EF Core 8+ supports JSON columns; vector via raw SQL or Pgvector.EntityFrameworkCore:

modelBuilder.Entity<Chunk>().Property(c => c.Embedding).HasColumnType("vector(1536)");

Tuning HNSW

SET hnsw.ef_search = 100;   -- balance recall vs latency

For huge datasets: increase ef_construct (build slower; better quality).

Azure SQL native vector

CREATE TABLE Chunks (
    Id UNIQUEIDENTIFIER PRIMARY KEY,
    Text NVARCHAR(MAX),
    Embedding VECTOR(1536)
);

CREATE INDEX IX_Embedding ON Chunks(Embedding) USING DISKANN;   -- or HNSW
SELECT TOP 10 Id, Text
FROM Chunks
ORDER BY VECTOR_DISTANCE('cosine', Embedding, @queryEmb);
// Azure SQL with Microsoft.Data.SqlClient

Microsoft.Extensions.VectorData has Azure SQL provider.

Trade-offs

Aspect Pros Cons
pgvector Same DB as app; transactional; mature Slower at scale than dedicated
Azure SQL vector Same as above + Azure-native Newer; ecosystem developing
Azure AI Search Best hybrid retrieval Separate service
Qdrant Specialized fast Operational

For up to ~10M vectors with simple query patterns: relational + vector works well.

Hybrid

-- Postgres: combine FTS + vector
SELECT *,
       (1.0 - (embedding <=> @q)) * 0.7 +
       ts_rank(to_tsvector('english', text), to_tsquery('english', @q_tokens)) * 0.3 AS score
FROM chunks
ORDER BY score DESC
LIMIT 10;

Manual fusion.
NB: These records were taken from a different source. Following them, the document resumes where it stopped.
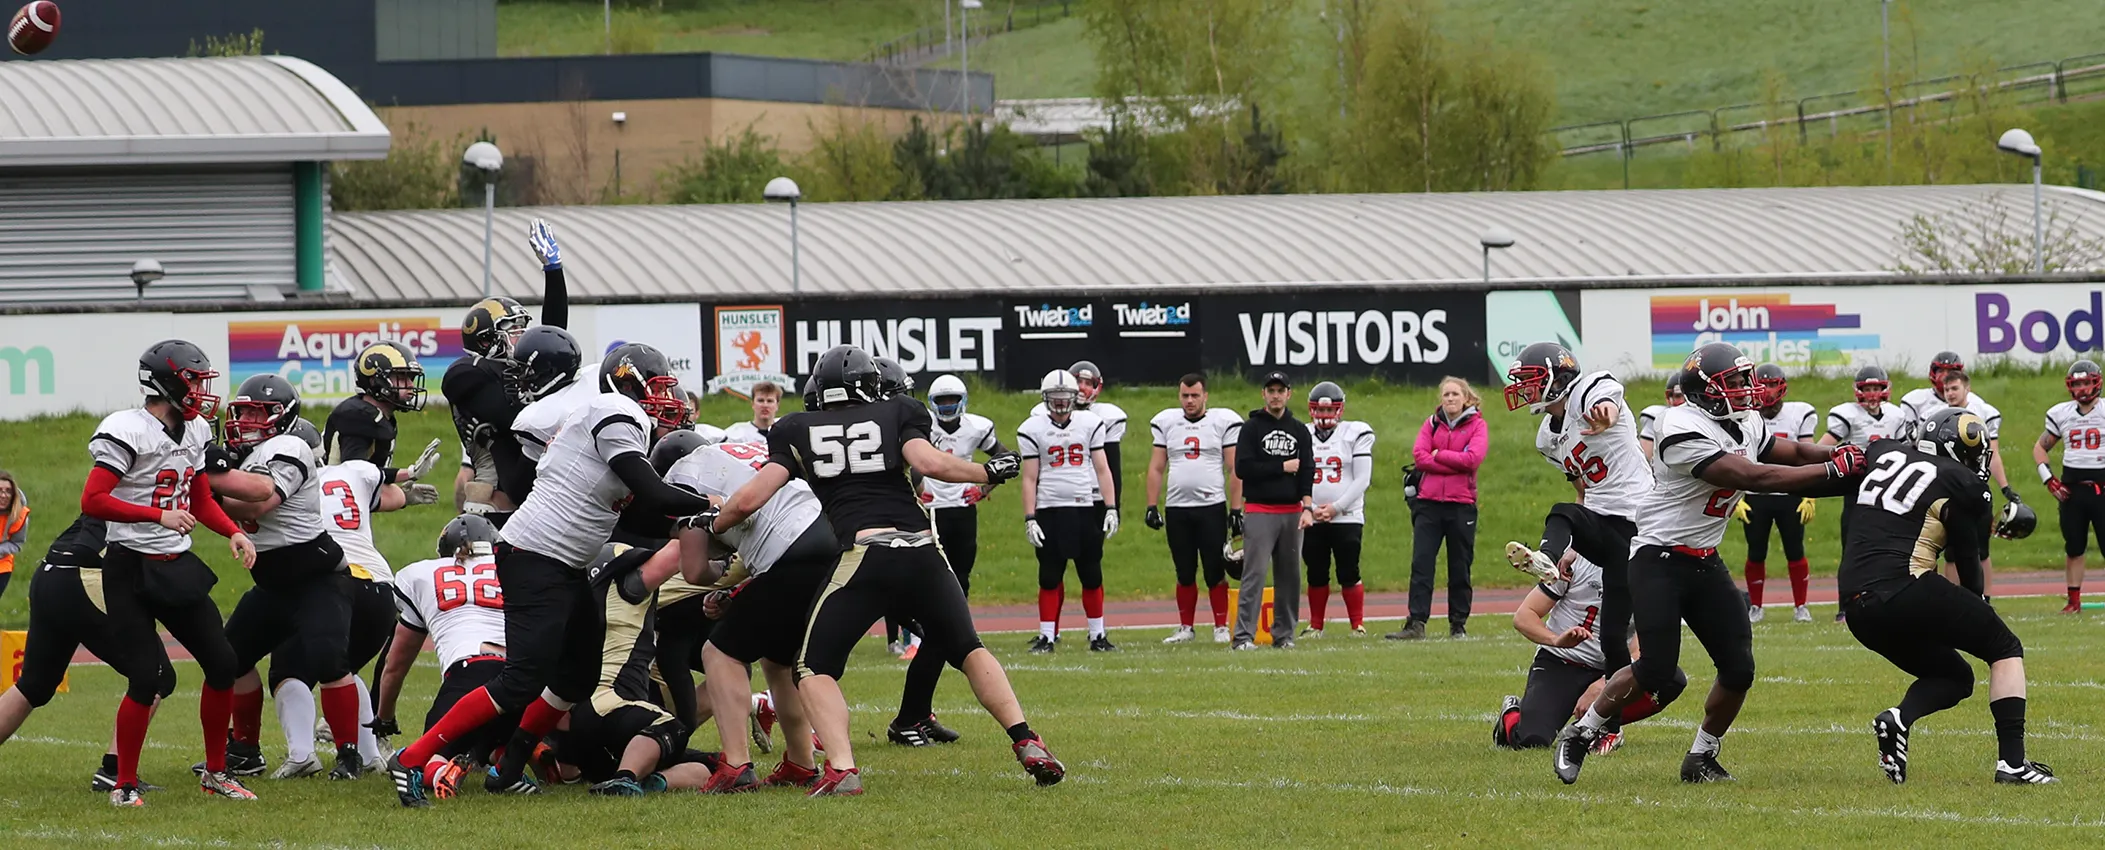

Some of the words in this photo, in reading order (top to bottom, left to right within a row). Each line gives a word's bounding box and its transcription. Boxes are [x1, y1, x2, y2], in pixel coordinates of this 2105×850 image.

[722, 313, 777, 325] HUNSLET
[1014, 303, 1092, 328] Twisted
[1113, 301, 1190, 326] Twisted
[1693, 298, 1770, 331] John
[277, 322, 438, 367] Aquatics
[796, 317, 1003, 375] HUNSLET
[1238, 309, 1449, 365] VISITORS
[808, 420, 886, 478] 52
[1047, 443, 1084, 468] 36
[1184, 436, 1200, 460] 3
[321, 479, 361, 531] 3
[1856, 450, 1938, 515] 20
[433, 563, 505, 612] 62
Less polished than dedicated systems.

Multi-tenant

Add tenant_id column; filter on every query; index on (tenant_id, embedding).

Pros of relational

  • Single DB for app + vectors.
  • ACID transactions.
  • Familiar SQL operations.
  • Existing backup / DR.
  • Cost: incremental on existing DB.

Cons

  • Slower at very high QPS.
  • Less specialized index features.
  • Hybrid manual.

When use

  • Existing Postgres / SQL Server app.
  • Modest vector count (<10M).
  • Want transactional consistency (vectors + relational data atomic).
  • Cost-conscious; one DB.

When NOT

  • Specialized RAG at scale.
  • Need best-in-class hybrid.
  • Need vector-specific features (quantization, etc.).

Senior considerations

  • Index strategy: HNSW vs IVF; tune ef.
  • Storage: vector(1536) ~6 KB; multiply by row count.
  • Backup: standard DB backups handle vectors.
  • Migration: DB-level operations work normally.